> [Work instructions]:
Give back an exact copy of the listing that follows, without the pictures.
Start of Block
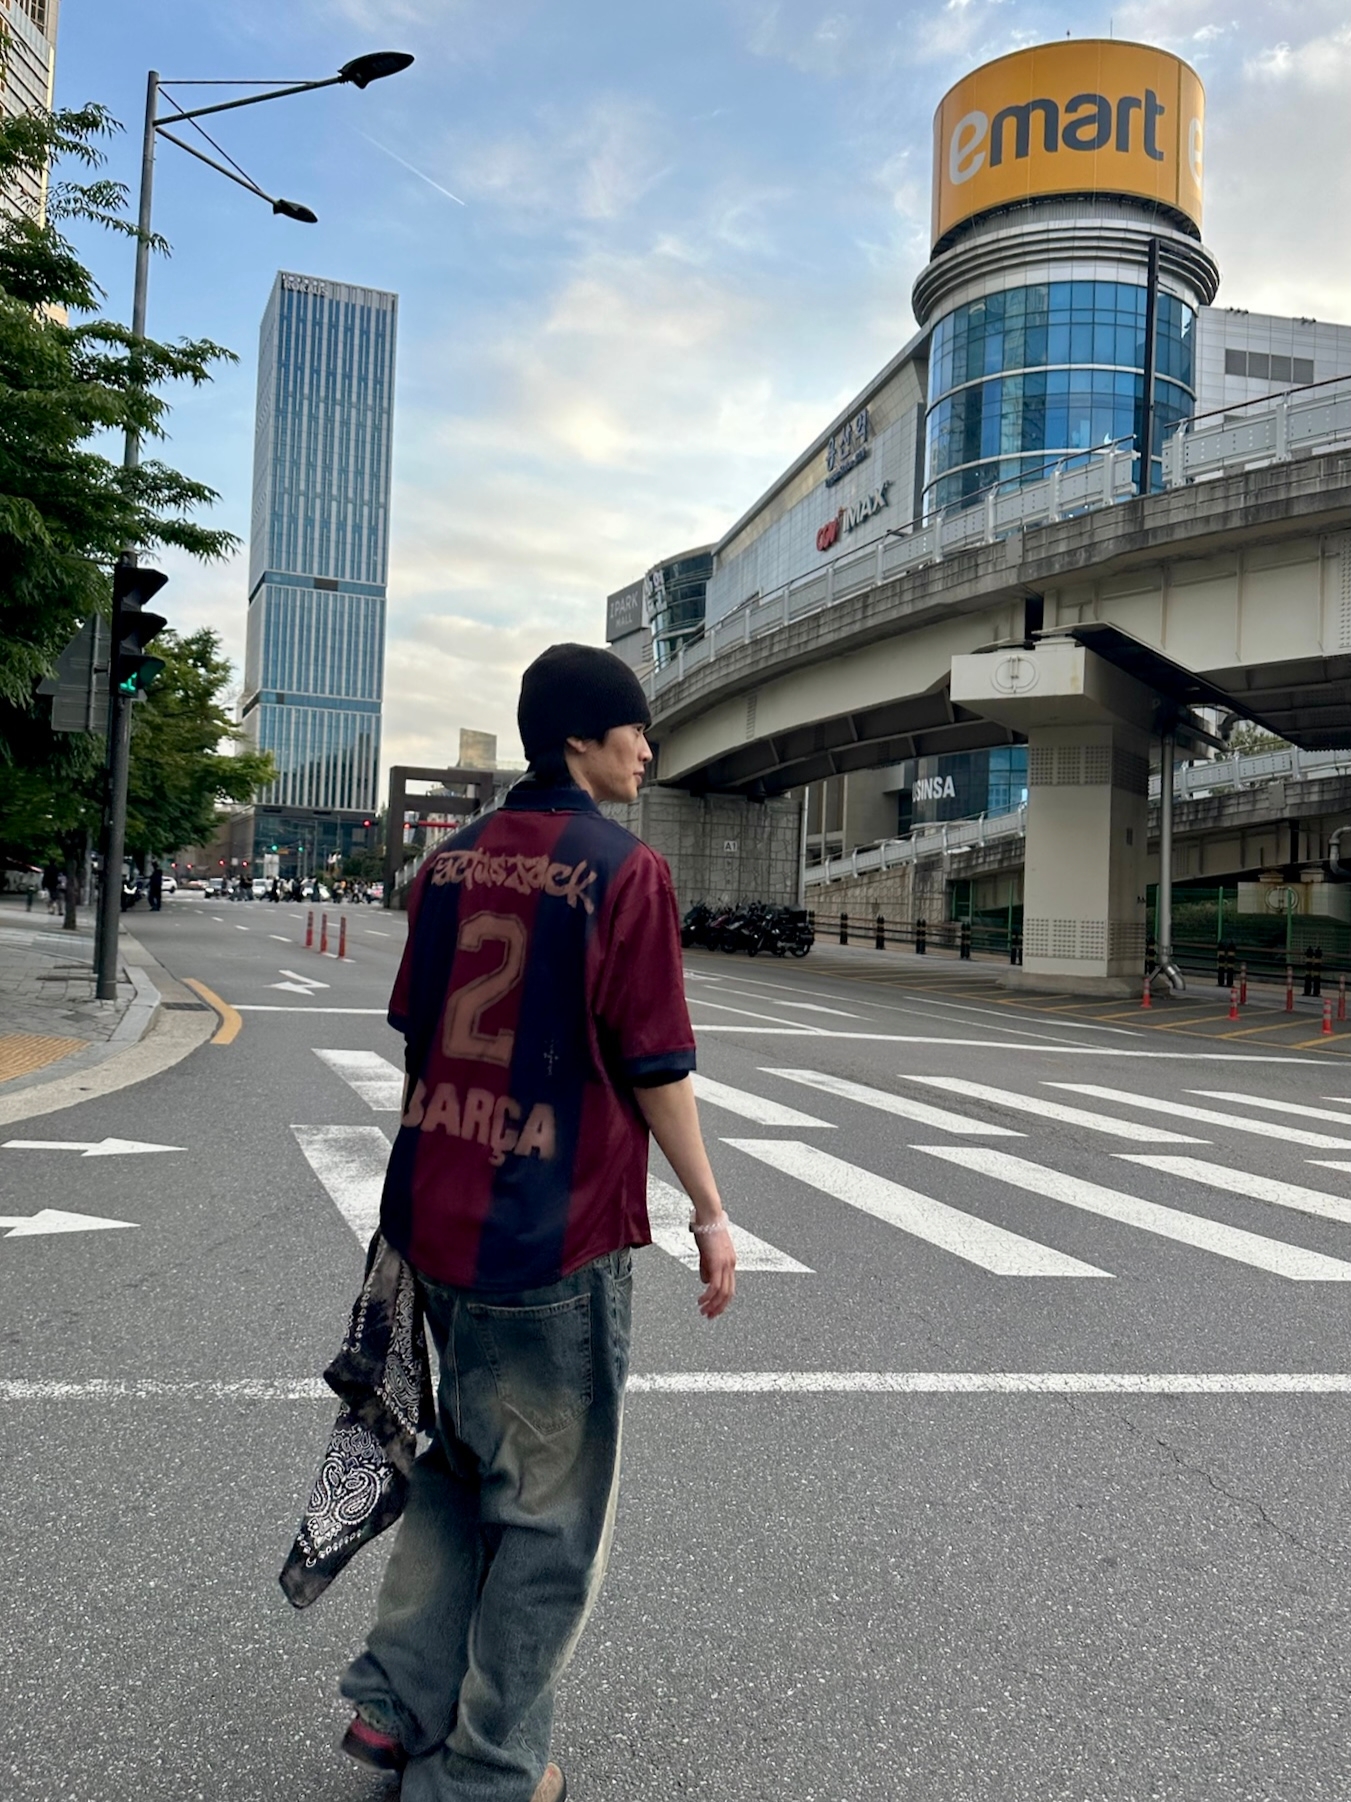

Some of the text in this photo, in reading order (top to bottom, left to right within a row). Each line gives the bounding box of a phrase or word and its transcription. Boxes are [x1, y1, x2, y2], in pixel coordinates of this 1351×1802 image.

[948, 88, 1165, 185] emart
[826, 407, 869, 472] 용산역
[842, 480, 891, 534] IMAX
[610, 590, 639, 620] IPARK
[615, 612, 633, 628] MALL
[725, 841, 736, 851] A1
[442, 910, 528, 1069] 2
End of Block
> [Exercise result]:
Some of the text in this photo, in reading order (top to bottom, left to right within a row). Each line gives the bounding box of a phrase or word and its transcription. Boxes are [x1, y1, x2, y2], in pixel coordinates of this 1351×1802 image.

[948, 88, 1165, 185] emart
[826, 407, 869, 472] 용산역
[842, 480, 891, 534] IMAX
[610, 590, 639, 620] IPARK
[615, 612, 633, 628] MALL
[725, 841, 736, 851] A1
[442, 910, 528, 1069] 2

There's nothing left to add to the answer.